Provided material —
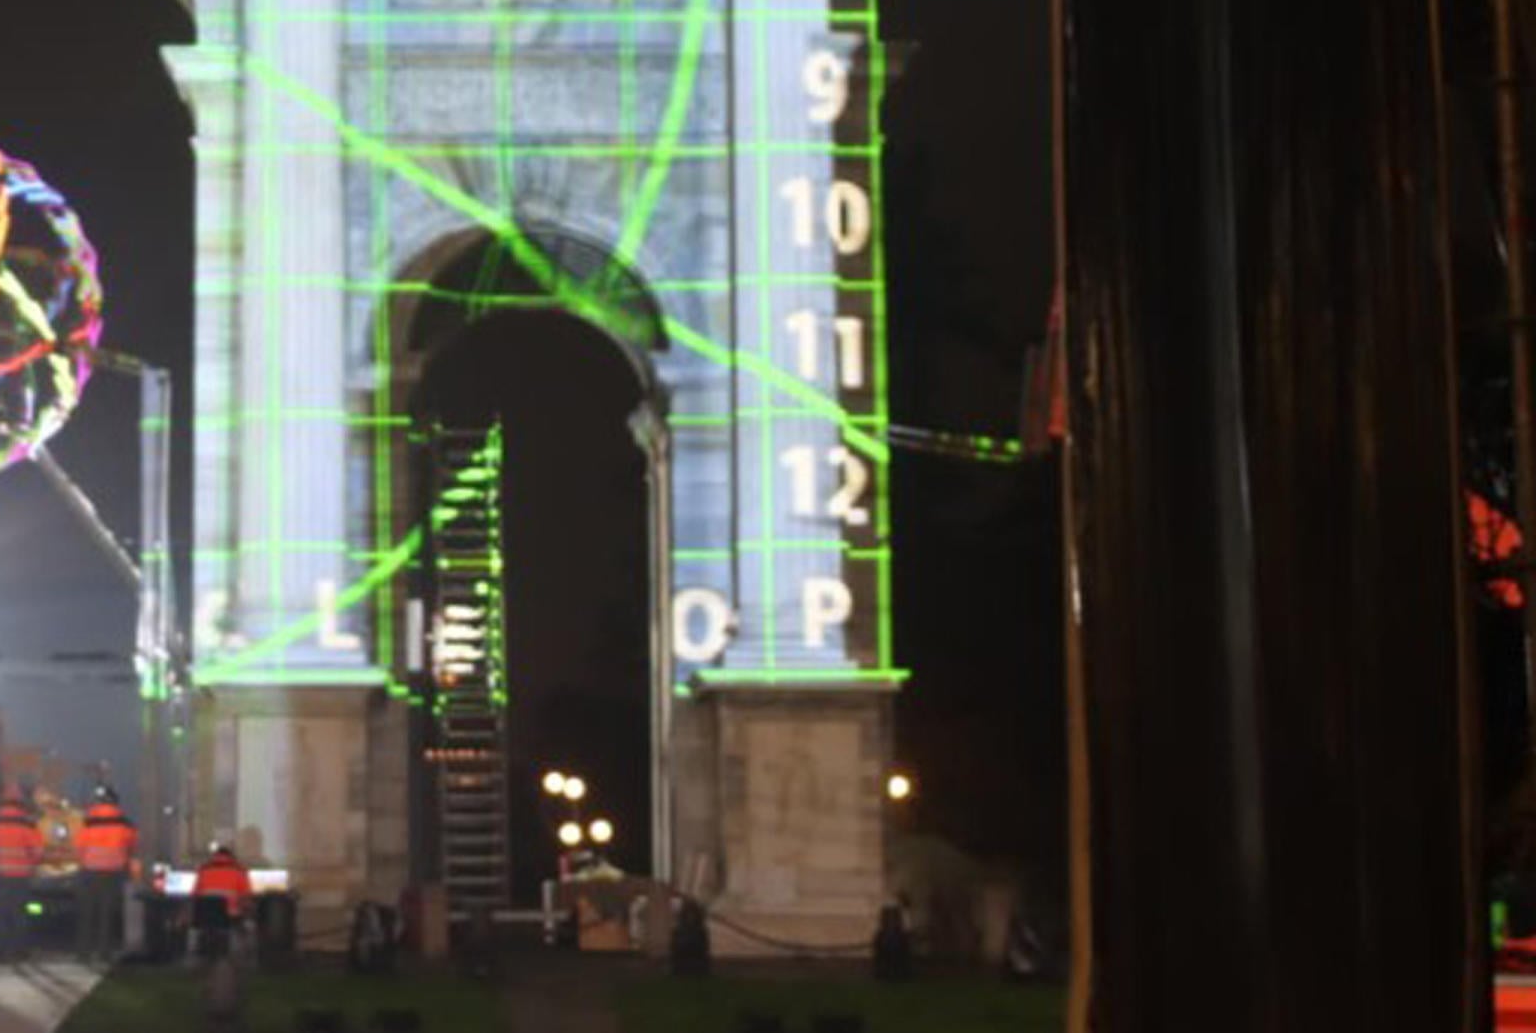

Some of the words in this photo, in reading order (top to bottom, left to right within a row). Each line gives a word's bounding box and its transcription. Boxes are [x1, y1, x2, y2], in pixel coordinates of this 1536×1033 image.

[801, 49, 852, 126] 9
[778, 174, 873, 255] 10
[785, 309, 866, 390] 11
[778, 443, 872, 526] 12
[670, 586, 740, 665] O
[800, 576, 855, 649] P

Task to complete —
Return the data word for word without its pictures.

Written response —
Some of the words in this photo, in reading order (top to bottom, left to right within a row). Each line gives a word's bounding box and its transcription. Boxes are [x1, y1, x2, y2], in pixel coordinates of this 1536×1033 image.

[801, 49, 852, 126] 9
[778, 174, 873, 255] 10
[785, 309, 866, 390] 11
[778, 443, 872, 526] 12
[670, 586, 740, 665] O
[800, 576, 855, 649] P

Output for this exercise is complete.